What this task involves
Return each of the entries below precisely, with no pictures in the result.

______________________________

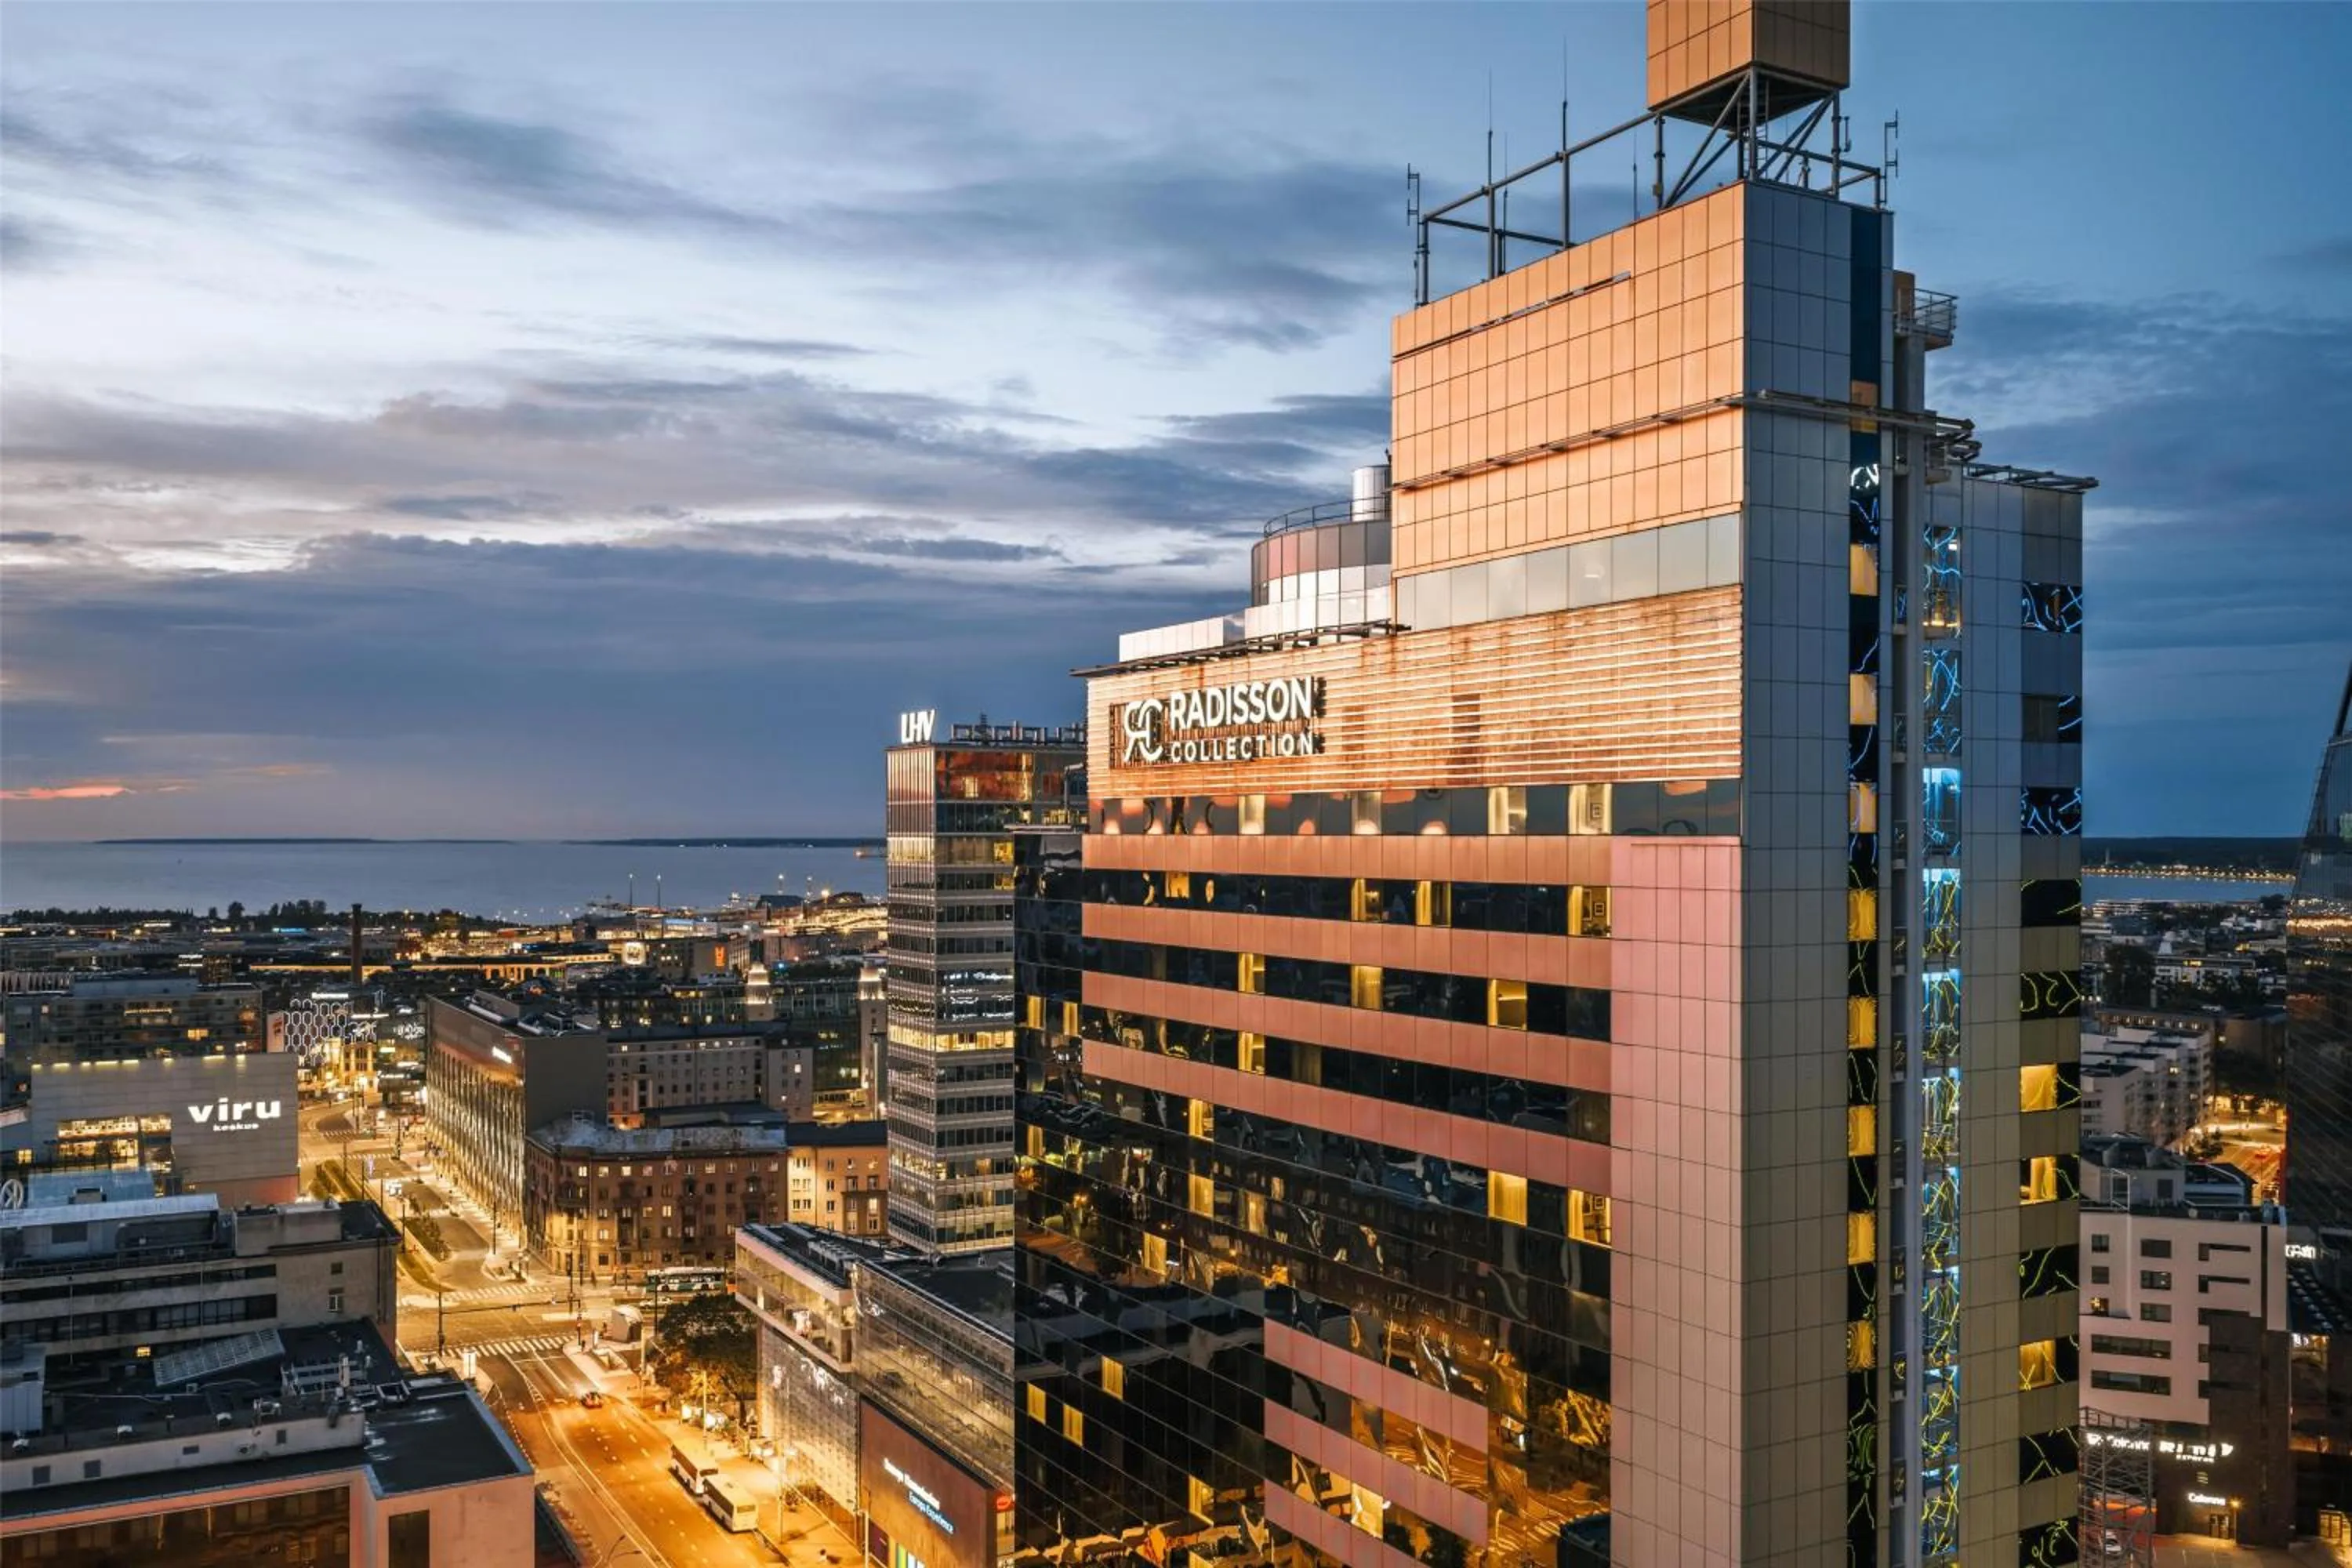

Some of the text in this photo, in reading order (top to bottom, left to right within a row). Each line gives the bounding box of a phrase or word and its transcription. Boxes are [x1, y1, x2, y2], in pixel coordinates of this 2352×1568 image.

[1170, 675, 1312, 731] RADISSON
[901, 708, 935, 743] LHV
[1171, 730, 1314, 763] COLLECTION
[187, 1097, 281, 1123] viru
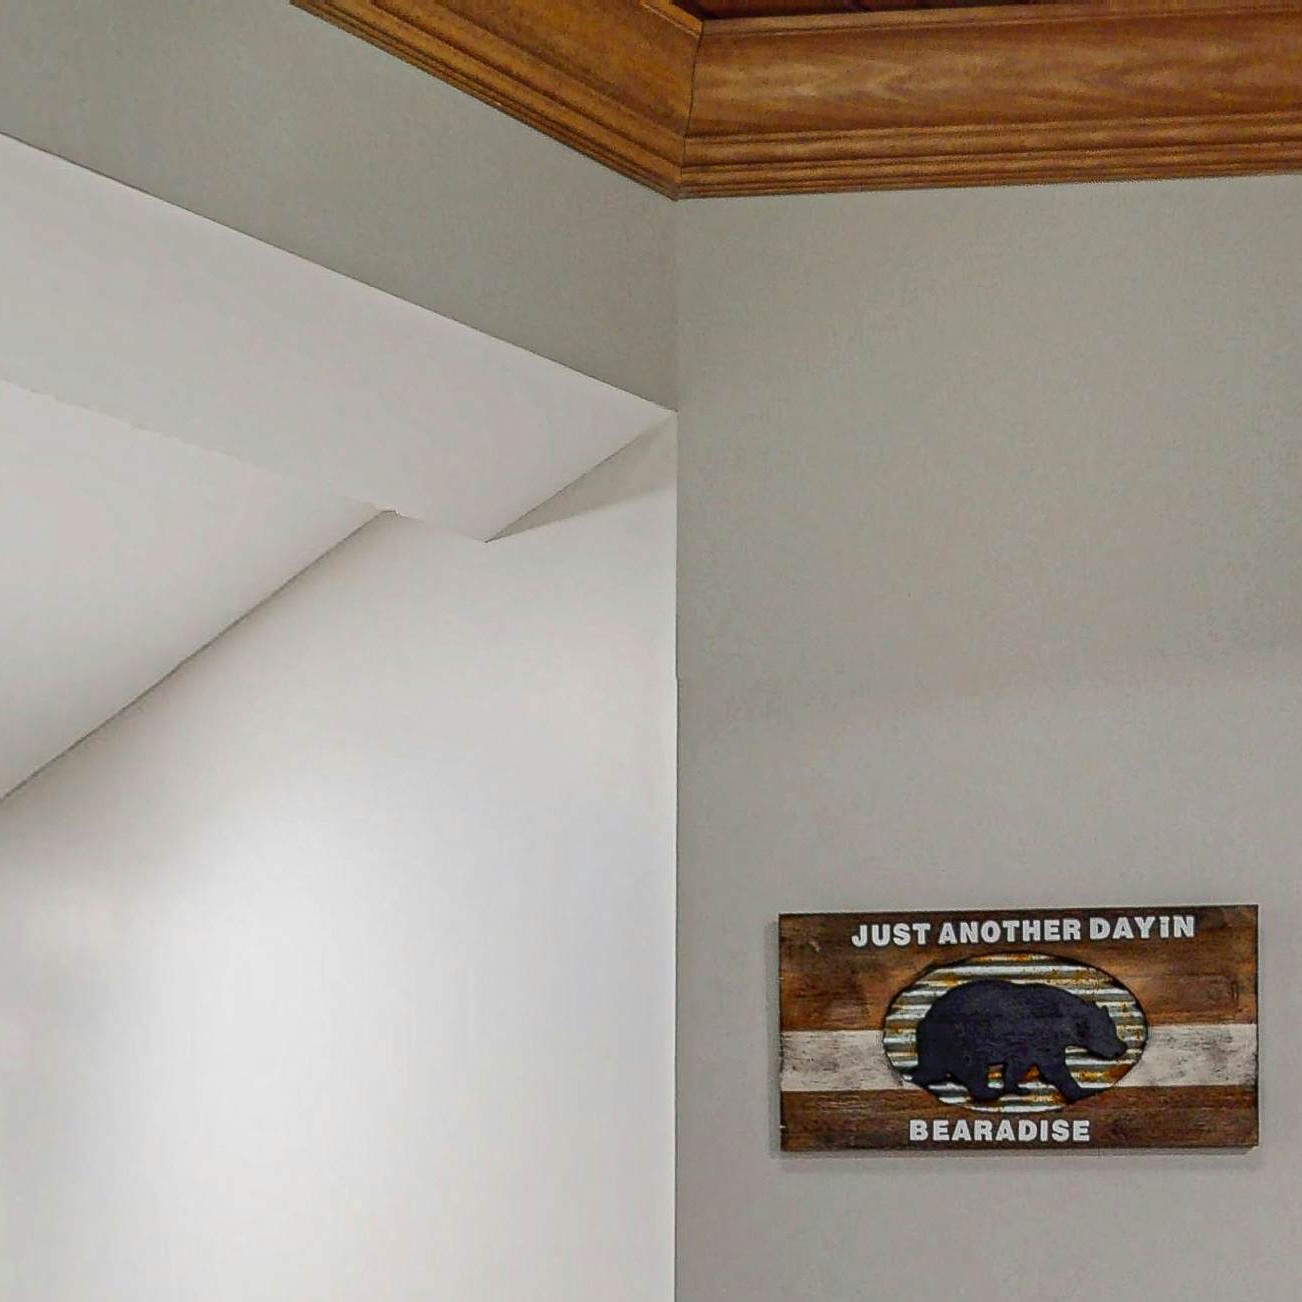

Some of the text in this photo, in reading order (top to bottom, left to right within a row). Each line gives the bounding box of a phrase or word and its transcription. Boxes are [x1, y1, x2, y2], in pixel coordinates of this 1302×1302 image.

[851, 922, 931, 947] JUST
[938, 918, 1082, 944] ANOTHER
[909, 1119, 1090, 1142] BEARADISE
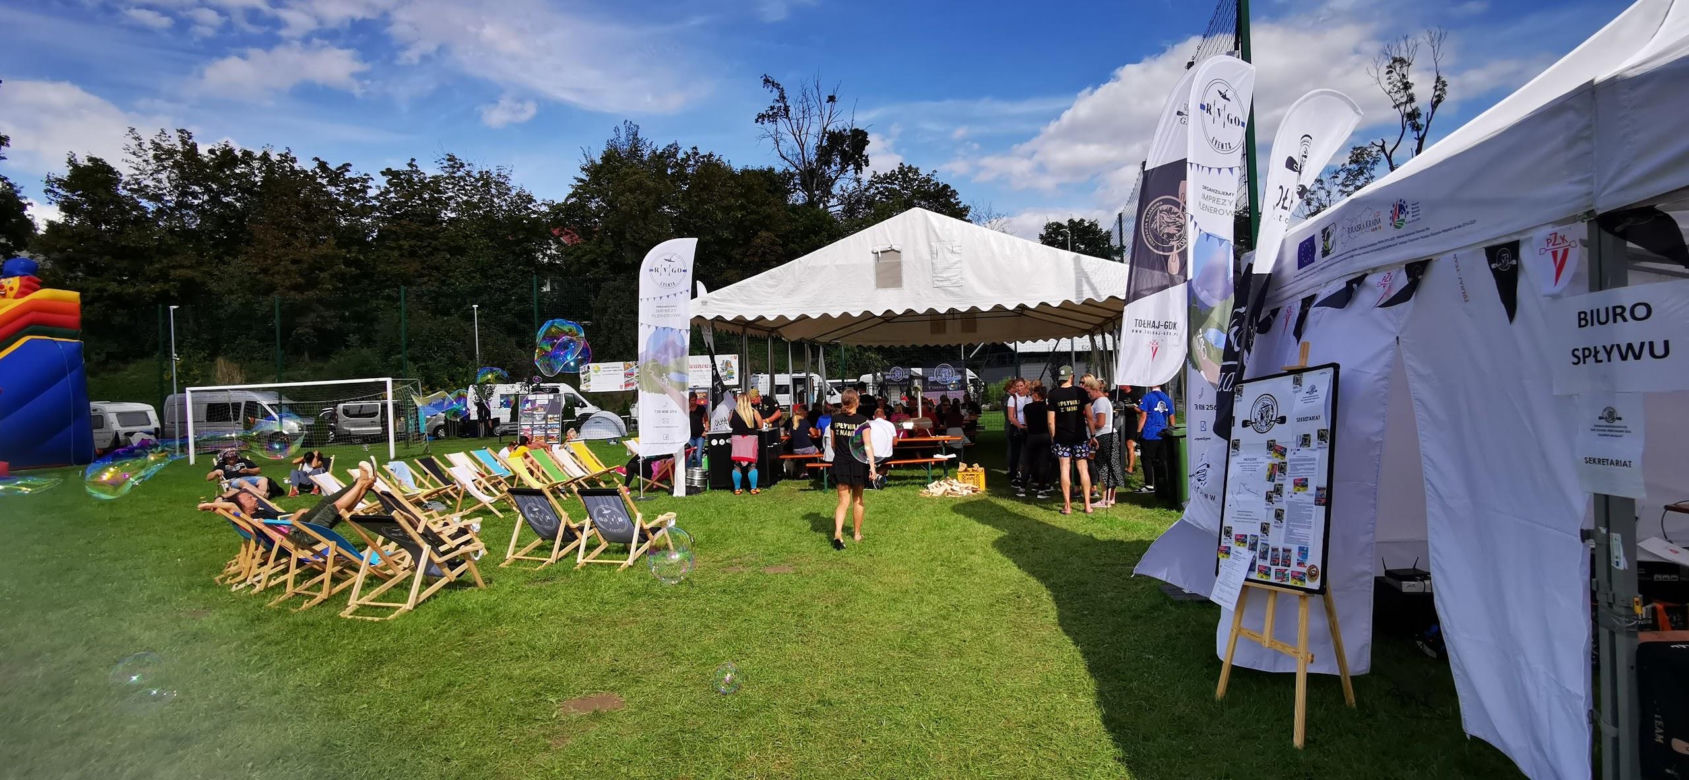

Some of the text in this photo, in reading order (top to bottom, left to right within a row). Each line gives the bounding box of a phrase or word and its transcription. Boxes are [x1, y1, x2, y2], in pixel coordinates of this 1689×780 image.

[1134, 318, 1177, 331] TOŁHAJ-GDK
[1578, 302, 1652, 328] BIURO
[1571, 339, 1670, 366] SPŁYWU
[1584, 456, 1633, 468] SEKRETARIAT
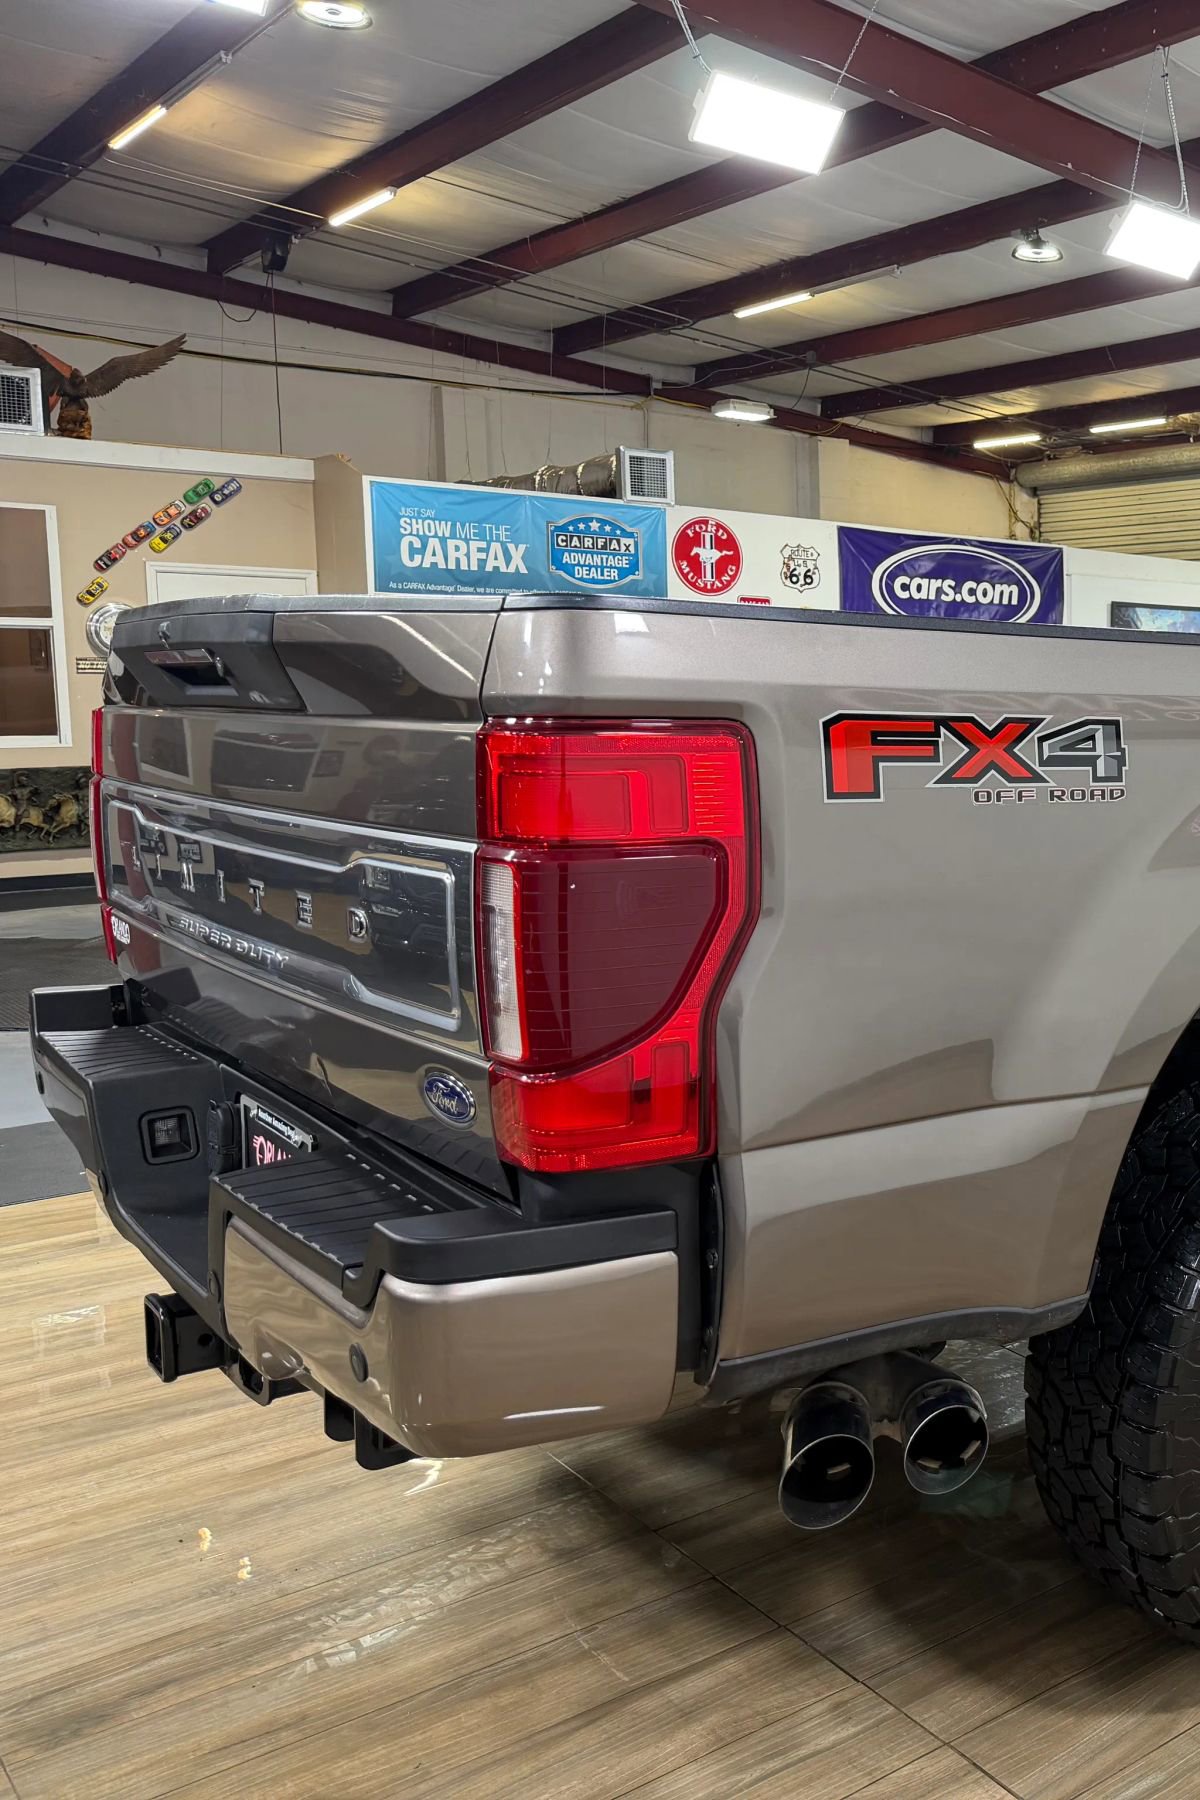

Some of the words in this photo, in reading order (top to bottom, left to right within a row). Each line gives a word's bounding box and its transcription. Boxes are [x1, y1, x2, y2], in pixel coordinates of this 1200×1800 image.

______________________________

Exercise result
Some of the text in this photo, in reading order (top to bottom, left to right within a row). Each line gives the bounding box of a phrase or word and its transcription. Boxes are [x1, y1, x2, y2], in pixel coordinates of this 2352×1568 image.

[1170, 675, 1312, 731] RADISSON
[901, 708, 935, 743] LHV
[1171, 730, 1314, 763] COLLECTION
[187, 1097, 281, 1123] viru

Some of the text in this photo, in reading order (top to bottom, left to right within a row). Each line gives the bounding box of a phrase or word and its transcription. Boxes are [x1, y1, x2, y2], in pixel coordinates of this 1302×1302 image.

[851, 922, 931, 947] JUST
[938, 918, 1082, 944] ANOTHER
[909, 1119, 1090, 1142] BEARADISE

Some of the text in this photo, in reading order (top to bottom, left to right within a row). Each line gives the bounding box of a phrase or word and its transcription. Boxes are [x1, y1, x2, y2], in pixel coordinates of this 1689×780 image.

[1134, 318, 1177, 331] TOŁHAJ-GDK
[1578, 302, 1652, 328] BIURO
[1571, 339, 1670, 366] SPŁYWU
[1584, 456, 1633, 468] SEKRETARIAT

Some of the words in this photo, in reading order (top to bottom, left to right within a row). Each line gives a word's bounding box and its transcription. Boxes are [x1, y1, x2, y2], in pixel coordinates of this 1200×1800 image.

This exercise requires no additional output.